Published Sunday, June 14, 2026 at 10:36 PM PT

SECURITY ALERT // INTELLIGENCE DISCLOSURE // COZY BEAR (APT29) OPERATIONAL EXPOSURE

BLUF: A book reportedly titled In the Lair of the Cozy Bear — allegedly an English translation of the Dutch work In het hol van de Cozy Bear — has surfaced via OSINT feeds. The work purportedly details the AIVD’s 2014 covert infiltration of Russian state-linked threat actor Cozy Bear (APT29) from the perspective of an American liaison officer. Cybersecurity and intelligence professionals should be aware of potential operational detail disclosure. No immediate technical threat to networks is indicated at this time.

DETAILS

  • The Dutch intelligence service AIVD’s infiltration of Cozy Bear was previously reported on 25 January 2018 by de Volkskrant and TV program Nieuwsuur; that reporting confirmed AIVD had accessed Cozy Bear’s systems in 2014 and observed active hacking operations against U.S. targets, including the Democratic National Committee.
  • The book in question allegedly narrates these events from the first-person perspective of a U.S. liaison officer embedded with AIVD — a framing that, if accurate, could expose details of allied intelligence cooperation, tradecraft, and liaison arrangements.
  • UNCERTAINTY FLAG: The existence, publication status, authorship, and official or unofficial nature of this book have NOT been independently verified from this feed.
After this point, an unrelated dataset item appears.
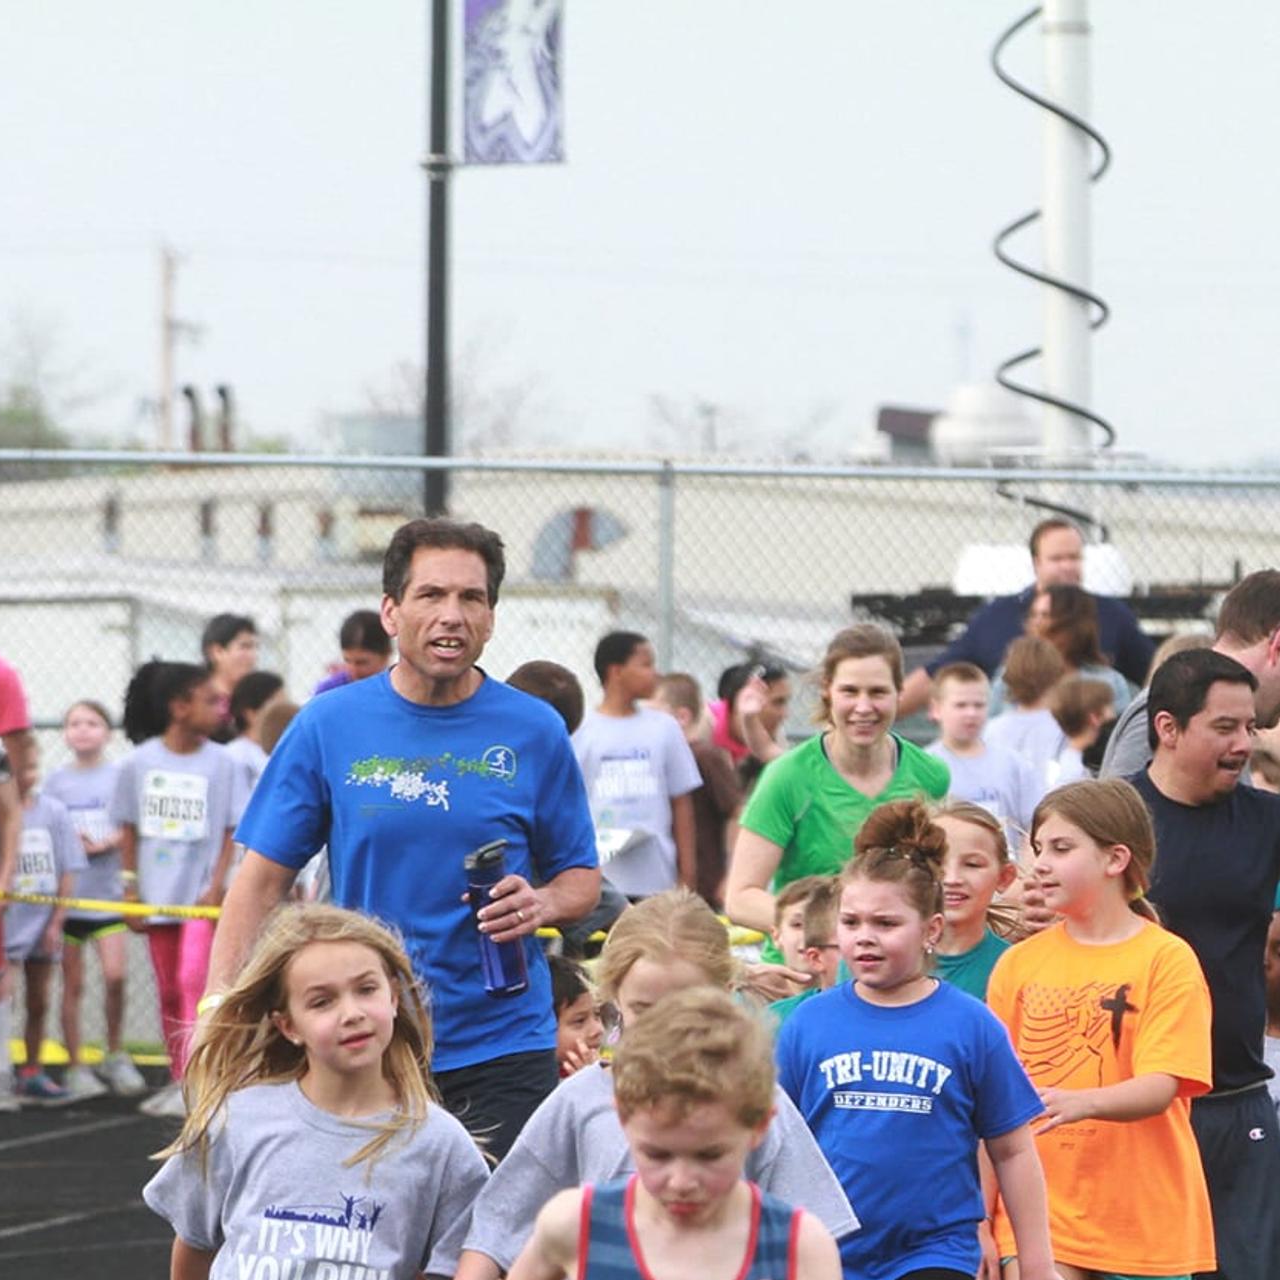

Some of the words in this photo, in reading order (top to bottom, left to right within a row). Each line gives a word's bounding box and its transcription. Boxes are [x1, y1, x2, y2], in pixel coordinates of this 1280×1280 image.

It is unclear whether this is a published work, a leaked manuscript, fiction, or disinformation.
  • UNCERTAINTY FLAG: Whether the content constitutes classified disclosure, authorized publication, or fictionalized account is unknown at this time.

IMPACT

  • Intelligence Community / Allied Services: If authentic and containing non-public operational detail, the work could expose AIVD and U.S. intelligence tradecraft, liaison relationships, and collection methods related to APT29 operations.
  • APT29 / Cozy Bear Awareness: Any detailed account of how AIVD penetrated Cozy Bear’s infrastructure could inform Russian counterintelligence efforts to identify and close historical gaps — even years after the fact.
  • Scope: Potentially affects U.S.-Dutch intelligence equities; broader Five Eyes and NATO partner awareness may be warranted depending on content.
  1. Do not distribute or amplify unverified content from this source pending confirmation of its nature and classification status.
  2. Intelligence and security teams should monitor for the book’s emergence on open, dark web, or document-sharing platforms.
  3. Organizations tracking APT29/Cozy Bear should review existing threat profiles — no new TTPs are indicated by this trigger, but situational awareness is advised.
  4. Legal and compliance teams at affected organizations should flag for review if the document surfaces internally.

SOURCES

  • OSINT Feed trigger (unverified, single source)
  • de Volkskrant / Nieuwsuur reporting, 25 January 2018 — confirmed historical baseline on AIVD-Cozy Bear infiltration
  • Prior open-source reporting on APT29 / Cozy Bear attribution

Classification: UNCLASSIFIED // FOR AWARENESS All details from unverified OSINT. Treat as low-confidence pending corroboration.